In a recent article entitled “Prevalence of Papillomaviruses, Polyomaviruses, and Herpesviruses in Triple-Negative and Inflammatory Breast Tumors from Algeria Compared with Other Types of Breast Cancer Tumors,” authors report an association of viruses with aggressive forms of breast cancers, namely inflammatory and triple-negative breast cancer. The study was published in the journal Plos One.
Breast cancer was diagnosed in 1.67 million women in 2012 alone, representing the second most common cancer in the world. Notably, breast cancers have been associated with viruses, with estimates of 15 to 20% according to the International Agency for Research on Cancer (IARC).

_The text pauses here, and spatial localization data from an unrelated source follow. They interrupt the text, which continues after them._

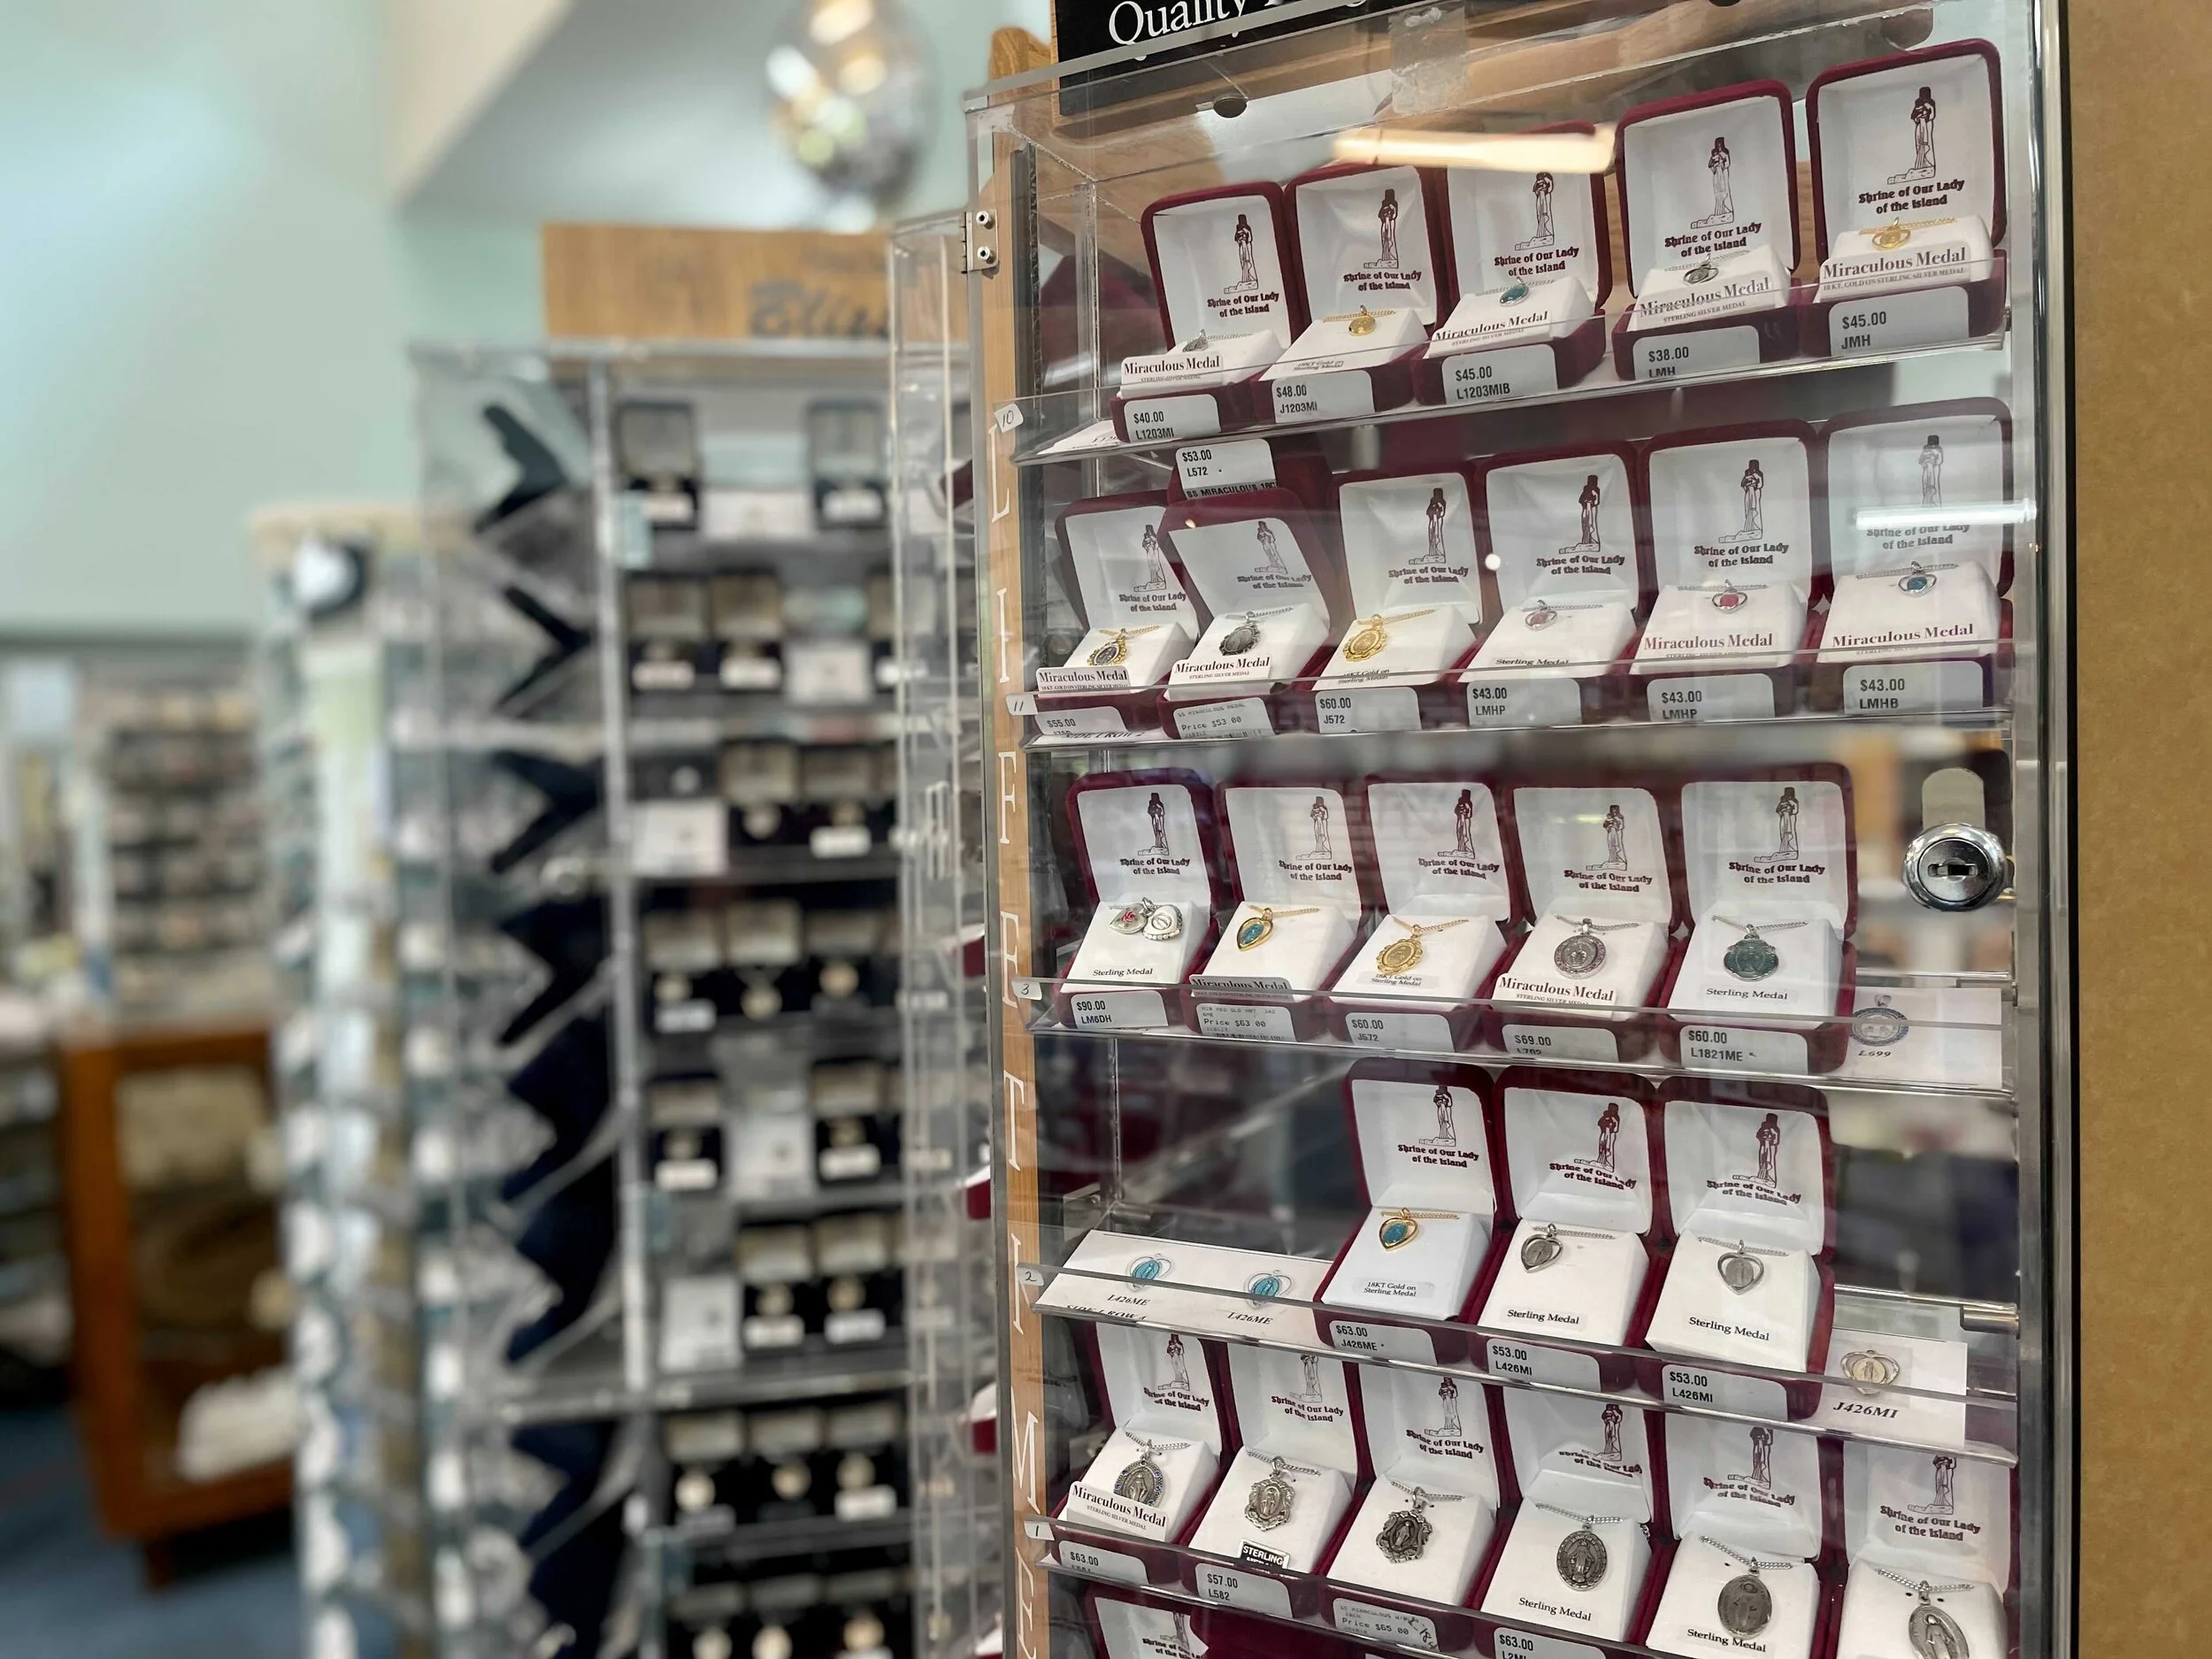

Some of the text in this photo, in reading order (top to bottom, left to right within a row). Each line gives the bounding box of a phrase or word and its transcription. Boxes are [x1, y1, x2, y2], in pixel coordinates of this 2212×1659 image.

[1858, 179, 1965, 204] Shrine of Our Lady
[1876, 195, 1947, 214] of the Island
[1664, 222, 1762, 248] Shrine of Our Lady
[1680, 237, 1747, 257] of the Island
[1494, 247, 1578, 266] Shrine of Our Lady
[1823, 247, 1966, 280] Miraculous Medal
[1509, 261, 1565, 277] of the Island
[1640, 277, 1770, 317] Miraculous Medal
[1722, 301, 1746, 311] MEDAL
[1435, 311, 1548, 342] Miraculous Medal
[1842, 311, 1886, 329] $45.00
[1841, 334, 1870, 349] JMH
[1648, 346, 1689, 363] $38.00
[1124, 356, 1220, 374] Miraculous Medal
[1648, 366, 1676, 378] LMH
[1455, 365, 1493, 381] $45.00
[1276, 385, 1307, 398] $48.00
[1456, 383, 1510, 399] L1203MIB
[1279, 403, 1317, 414] J1203MI
[1002, 411, 1014, 427] 10
[1133, 411, 1164, 424] $40.00
[1136, 427, 1174, 440] L1203MI
[1182, 449, 1212, 463] $53.00
[1187, 466, 1209, 477] L572
[1694, 542, 1789, 557] Shrine of Our Lady
[1740, 555, 1773, 565] Island
[1644, 634, 1772, 650] Miraculous Medal
[1832, 624, 1973, 648] Miraculous Medal
[1174, 657, 1270, 674] Miraculous Medal
[1039, 670, 1127, 682] Miraculous Medal
[1860, 679, 1905, 692] $43.00
[1472, 687, 1508, 700] $43.00
[1661, 690, 1702, 704] $43.00
[1319, 697, 1351, 709] $60.00
[1476, 705, 1506, 715] LMHP
[1860, 698, 1899, 709] LMHB
[1324, 715, 1346, 724] J572
[1663, 710, 1697, 719] LMHP
[1047, 718, 1076, 727] $55.00
[1729, 862, 1762, 874] Shrine
[1764, 865, 1774, 874] of
[1799, 864, 1825, 875] Lady
[1777, 874, 1810, 883] Island
[1093, 969, 1125, 978] Sterling
[1193, 979, 1288, 990] Miraculous Medal
[1499, 977, 1614, 1002] Miraculous Medal
[1706, 988, 1788, 1000] Sterling Medal
[1076, 1001, 1106, 1011] $90.00
[1081, 1015, 1112, 1025] LM6DH
[1352, 1019, 1384, 1030] $60.00
[1514, 1034, 1552, 1047] $69.00
[1688, 1030, 1727, 1044] $60.00
[1691, 1048, 1743, 1061] L1821ME
[1398, 1144, 1479, 1161] Shrine of Our Lady
[1440, 1158, 1468, 1168] Island
[1024, 1271, 1037, 1282] 2
[1363, 1287, 1391, 1296] Sterling
[1107, 1294, 1150, 1306] L426ME
[1227, 1311, 1273, 1325] L426ME
[1507, 1310, 1579, 1325] Sterling Medal
[1336, 1325, 1368, 1337] $63.00
[1689, 1317, 1770, 1341] Sterling Medal
[1341, 1340, 1378, 1351] J426ME
[1492, 1346, 1527, 1361] $53.00
[1495, 1363, 1532, 1376] L426MI
[1670, 1371, 1708, 1387] $53.00
[1672, 1387, 1713, 1402] L426MI
[1832, 1402, 1899, 1419] J426MI
[1071, 1485, 1166, 1527] Miraculous Medal
[1087, 1504, 1148, 1531] STERLING SILVER MEDAL
[1880, 1505, 1914, 1524] Shrine
[1931, 1517, 1951, 1526] Our
[1954, 1519, 1981, 1534] Lady
[1895, 1525, 1963, 1541] of the Island
[1070, 1552, 1099, 1566] $63.00
[1242, 1545, 1284, 1565] STERLING
[1207, 1573, 1238, 1589] $57.00
[1209, 1588, 1231, 1601] L582
[1518, 1597, 1592, 1621] Sterling Medal
[1342, 1617, 1370, 1628] Price
[1500, 1634, 1534, 1651] $63.00
[1686, 1629, 1766, 1653] Sterling Medal

While the best studied viral role in breast cancer are mouse mammary tumor virus-like sequences (MMTV-LS), Epstein-Barr virus (EBV) and human papillomavirus (HPV) recent recommendations highlighted the need for further studies to strengthen the preliminary data relating viral agents and breast cancer.

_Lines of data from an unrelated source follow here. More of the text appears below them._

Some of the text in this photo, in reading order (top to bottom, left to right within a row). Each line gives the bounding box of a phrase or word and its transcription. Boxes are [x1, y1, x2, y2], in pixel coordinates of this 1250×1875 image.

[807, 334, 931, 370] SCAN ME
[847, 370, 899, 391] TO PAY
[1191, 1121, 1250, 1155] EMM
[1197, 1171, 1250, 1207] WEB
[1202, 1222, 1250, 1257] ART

In this study, the authors determined if viruses increase the risk for specific subtypes of breast cancer. Their study focused on breast cancer occurring in developing countries, since the onset of viruses is markedly higher than in industrialized countries, specifically in Africa: while in Africa 40% of breast cancers are estimated to have a viral origin, this is true for only 7% of cases in Europe.

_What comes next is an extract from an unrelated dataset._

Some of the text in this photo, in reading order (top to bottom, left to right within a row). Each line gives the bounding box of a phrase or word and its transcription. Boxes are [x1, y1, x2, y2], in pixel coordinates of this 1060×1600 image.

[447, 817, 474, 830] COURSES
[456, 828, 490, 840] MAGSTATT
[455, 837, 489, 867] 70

The authors studied specific aggressive groups of breast cancer (BC) – Inflammatory BC (IBC) and triple-negative BC (negative for estrogen receptor, progesterone receptor and human epidermal growth factor receptor 2) — both highly represented in African countries.
The team collected samples from Algeria (samples from 155 patients) and determined the viral content in both inflammatory BC and non-inflammatory BC (control), and in triple-negative and non-triple-negative BC tumors (control). The authors determined the viral DNA from 61 viruses (46 human papillomaviruses, 10 polyomaviruses, and 5 herpesviruses) with a genotyping assay of high sensitivity.
The team discovered that oncogenic viruses are specifically enriched in samples from IBC and triple-negative BC patients, particularly EBV (this was actually the most common detected virus) and HPV, despite the low detection of viral DNA (found only 17.9% of the samples).
In conclusion, the authors’ results suggest a correlation between viral DNA and aggressive breast cancer subtypes (IBC, triple-negative) highlighting that, despite preliminary data, viral etiology should be addressed in these types of cancers.